Task description: Every record should be copied exactly, and the images omitted.

Task material:
# # #

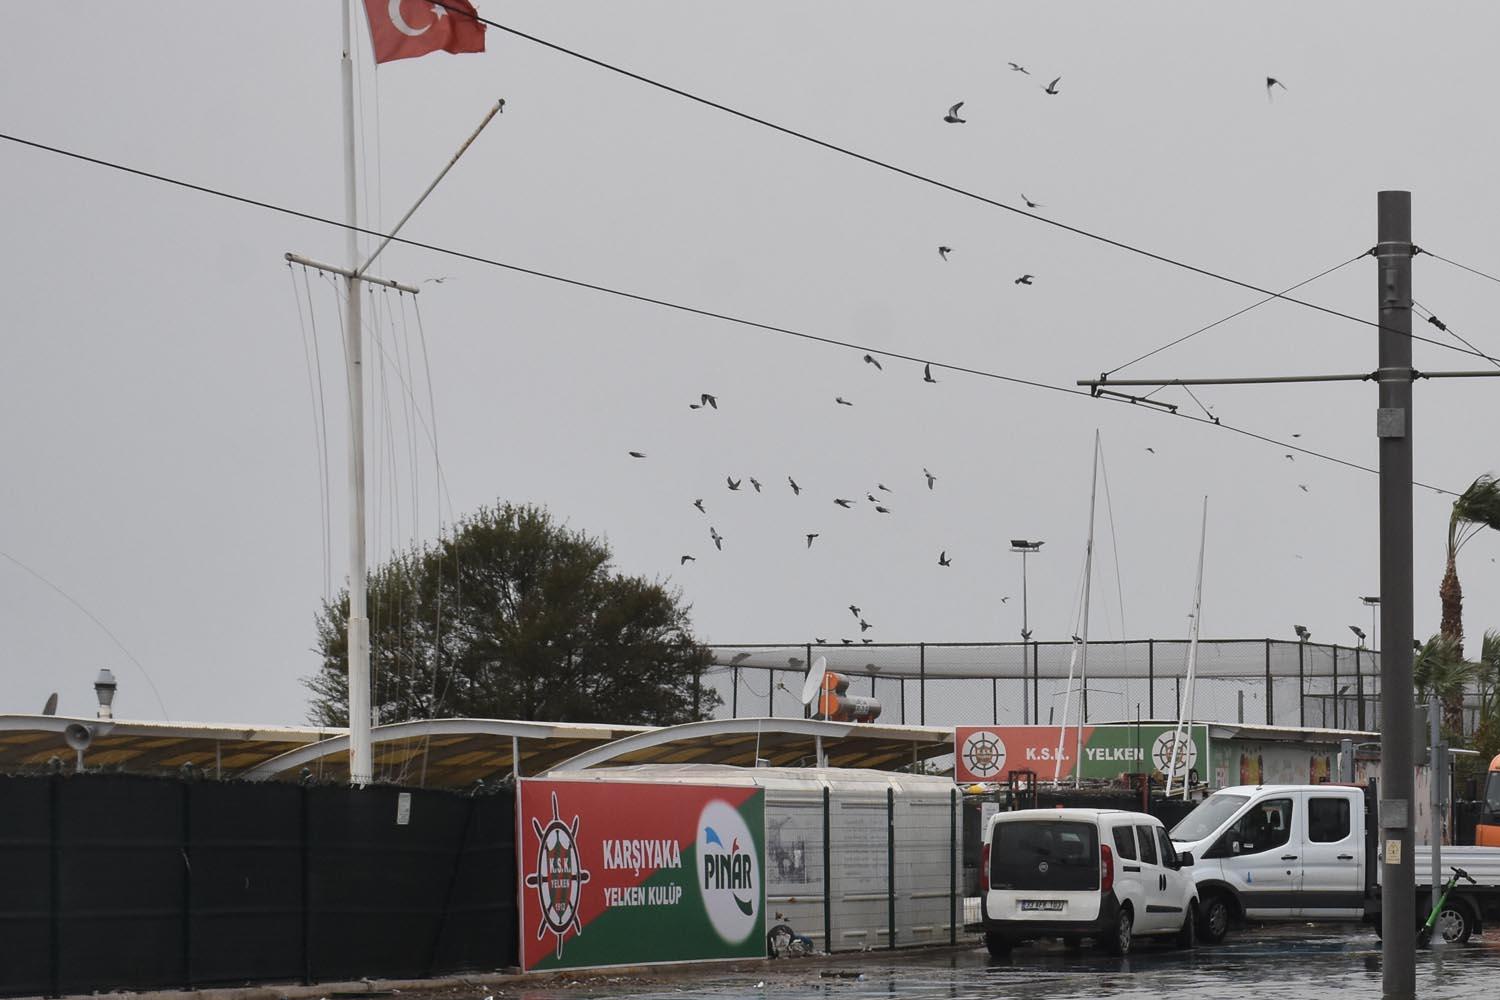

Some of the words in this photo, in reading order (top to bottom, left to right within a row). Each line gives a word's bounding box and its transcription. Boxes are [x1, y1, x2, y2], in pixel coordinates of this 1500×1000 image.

[1026, 748, 1070, 760] K.S.K.
[1086, 748, 1144, 760] YELKEN
[603, 839, 682, 877] KARŞIYAKA
[704, 853, 752, 890] PINAR
[604, 887, 646, 907] YELKEN
[648, 882, 682, 905] KULÜP

# # #

Written solution:
Some of the words in this photo, in reading order (top to bottom, left to right within a row). Each line gives a word's bounding box and its transcription. Boxes are [x1, y1, x2, y2], in pixel coordinates of this 1500×1000 image.

[1026, 748, 1070, 760] K.S.K.
[1086, 748, 1144, 760] YELKEN
[603, 839, 682, 877] KARŞIYAKA
[704, 853, 752, 890] PINAR
[604, 887, 646, 907] YELKEN
[648, 882, 682, 905] KULÜP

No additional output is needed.